Igor Thiago Silva de Sousa

REVISITANDO OS MOVIMENTOS SOCIAIS: NOTAS SOBRE ONTEM E HOJE

Florianópolis 2014

IGOR THIAGO SILVA DE SOUSA

REVISITANDO OS MOVIMENTOS SOCIAIS: NOTAS SOBRE ONTEM E HOJE

Ensaio apresentado à disciplina Movimentos sociais, territórios e identidades para composição de avaliação. Prof. Dr. Thiago Juliano Sayão

Florianópolis 2014

REVISITANDO OS MOVIMENTOS SOCIAIS: NOTAS SOBRE ONTEM E HOJE1

Em cenários carregados de disputas, com vozes destoantes quanto a projetos políticos, sociais e econômicos, mostra-se necessário entender as formas de ação política coletiva que emergem e ganham destaque pelas possibilidades que criam em termos de demandas e a organização de atores sociais. Vivemos períodos democráticos de baixa intensidade (SOUSA, 2006), com amplo aparelhamento por parte dos partidos a sindicatos, fóruns de debate e demais organizações da sociedade civil e temos como reflexo, um esvaziamento da participação política pela via institucional, com doses de descrédito e ceticismo entre os mais jovens, ocorrendo a busca de circuitos de poder críticos e desatrelados do poder estatal e financeiro, fugindo de um lado de políticas de austeridade fiscal e financeiras que marcaram os anos de 1990, pelo profundo desprezo com conquistas sociais e por outro, de formas de participação que transformam os atores sociais em correias de transmissão de instituições governamentais que acabam por transformá-los em agentes sem grandes poderes de intervenção.

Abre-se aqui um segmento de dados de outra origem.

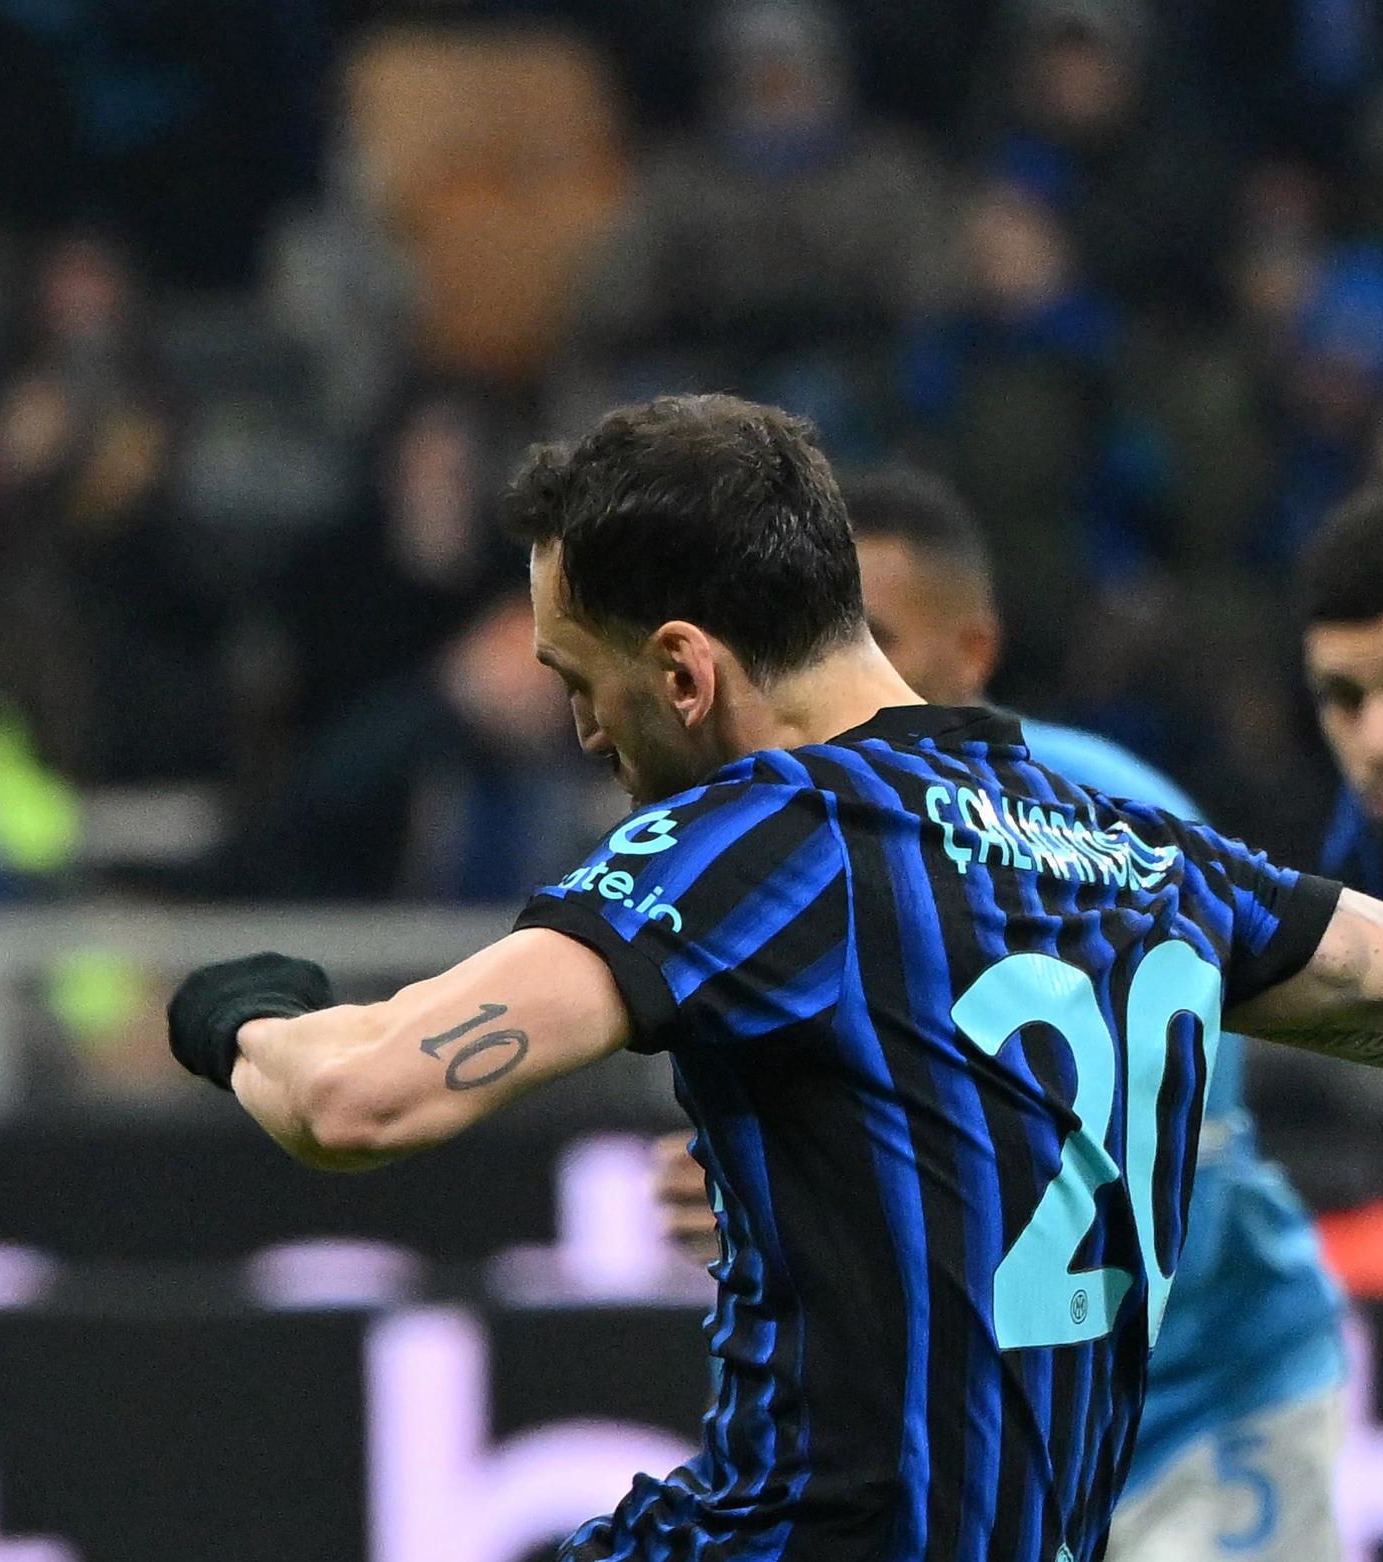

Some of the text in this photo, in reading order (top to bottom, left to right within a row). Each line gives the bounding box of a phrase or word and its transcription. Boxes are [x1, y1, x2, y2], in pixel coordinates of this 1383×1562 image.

[419, 1003, 529, 1091] 10
[950, 940, 1222, 1351] 20
[1215, 1432, 1281, 1555] 5
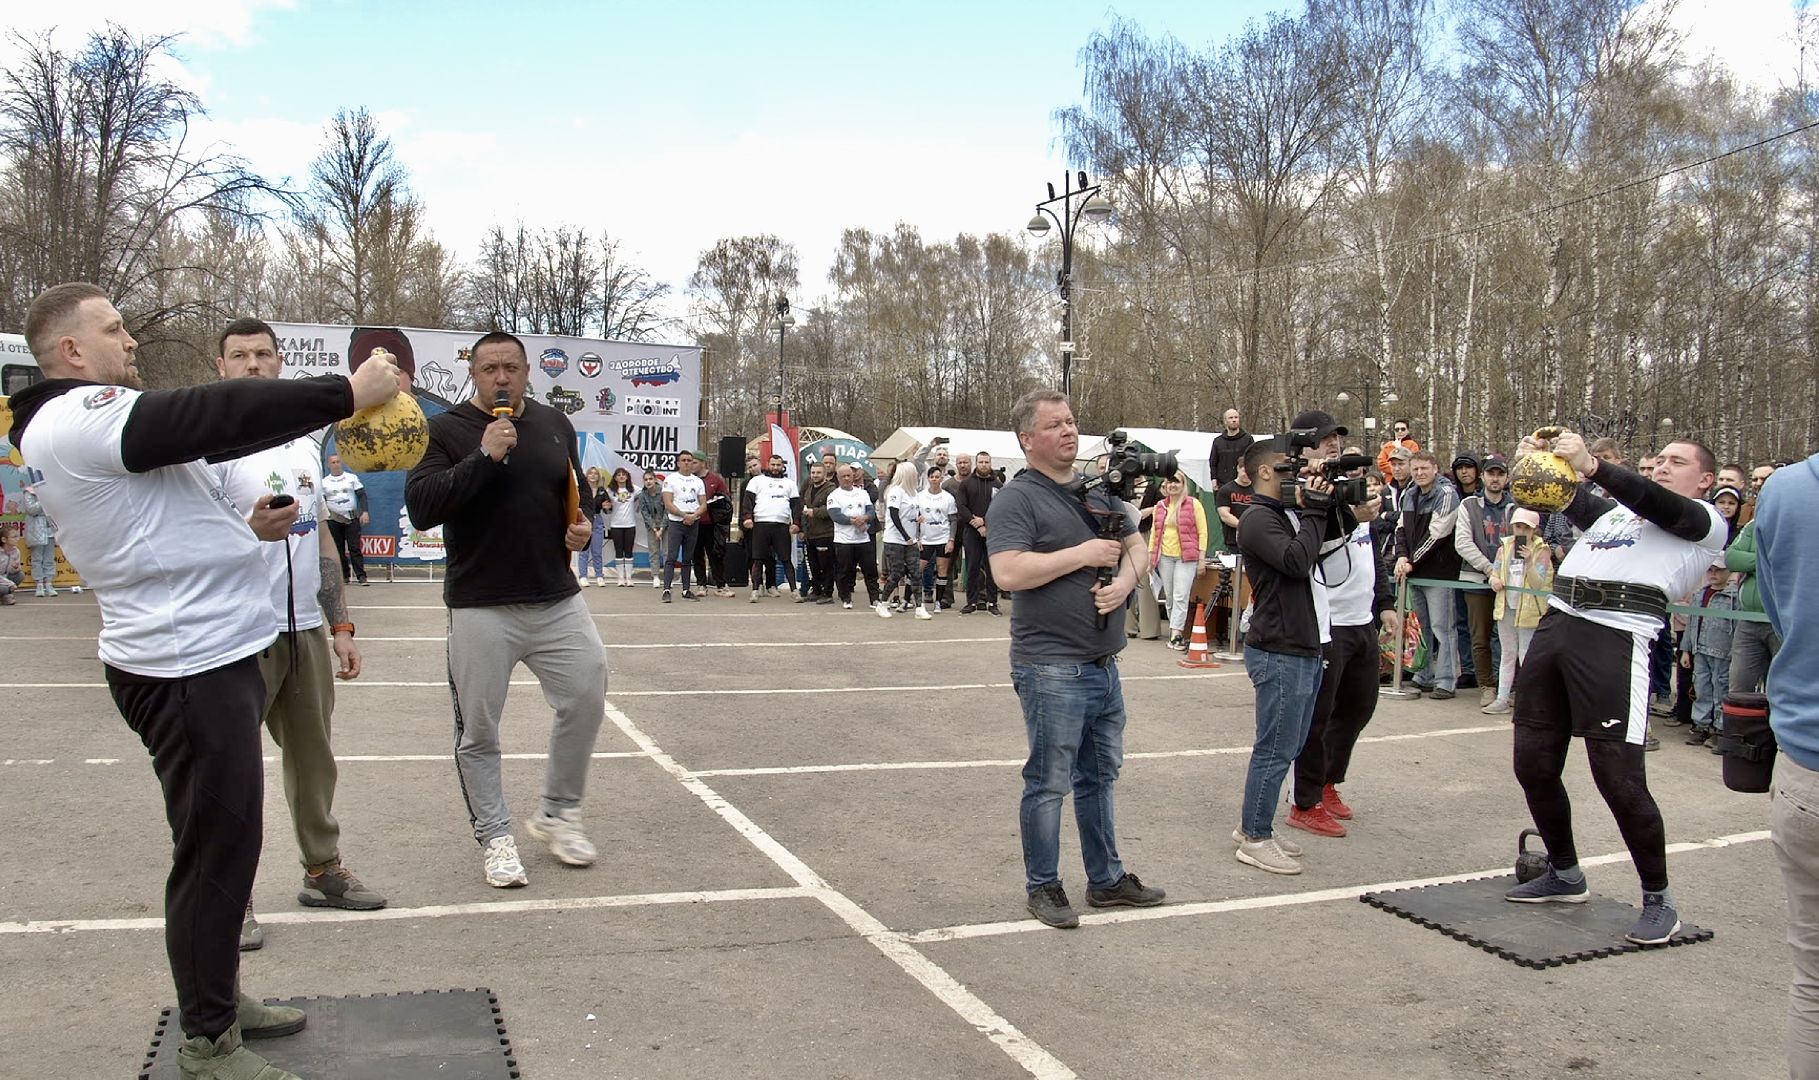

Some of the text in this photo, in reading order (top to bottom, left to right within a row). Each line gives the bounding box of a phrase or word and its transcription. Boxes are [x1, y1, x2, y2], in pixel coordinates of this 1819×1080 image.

[277, 338, 324, 351] ХАИЛ
[279, 352, 340, 366] КЛЯЕВ
[608, 357, 660, 371] ЗДОРОВОЕ
[621, 364, 674, 376] ОТЕЧЕСТВО
[627, 397, 679, 405] TARGET
[622, 424, 678, 452] КЛИН
[805, 452, 818, 464] Я
[1230, 492, 1252, 503] NAS
[361, 538, 392, 555] ЖКУ

Essas ações são muitas, ocorrendo de várias formas e com lutas que envolvem um leque significativo de demandas, recursos simbólicos, materiais e políticos. São lutas por melhores condições de trabalho, garantias trabalhistas, acesso a formas de proteção em períodos de austeridade, respeito e liberdade de orientação sexual, garantias territoriais e culturais, lutas contra desigualdades estruturais relativas ao racismo e sexismo, concentração fundiária e lutas por serviços públicos de qualidade. Assim, tem-se trabalhadores, desempregados, gays, indígenas, imigrantes, mulheres, negros, camponeses, estudantes, entre outros. Essas ações em muitos casos se entrecruzam, mas também se afastam, divergindo quanto aos métodos e objetivos a serem almejados a curto e médio prazo. As análises referentes aos movimentos sociais são vastas, percorrendo disciplinas como a sociologia, antropologia, ciência política, história, geografia e pedagogia e cada uma dessas áreas enfocando aspectos específicos quanto a análise desse tipo de ação social segundo seus ramos teóricos e especificidades. No Brasil, 1

Este ensaio foi parcialmente escrito após sugestões recebidas pelo docente na disciplina “métodos e técnicas II, na UFSC, no segundo semestre letivo de 2014, ministrada pela Profª Drª Miriam Pillar Grossi.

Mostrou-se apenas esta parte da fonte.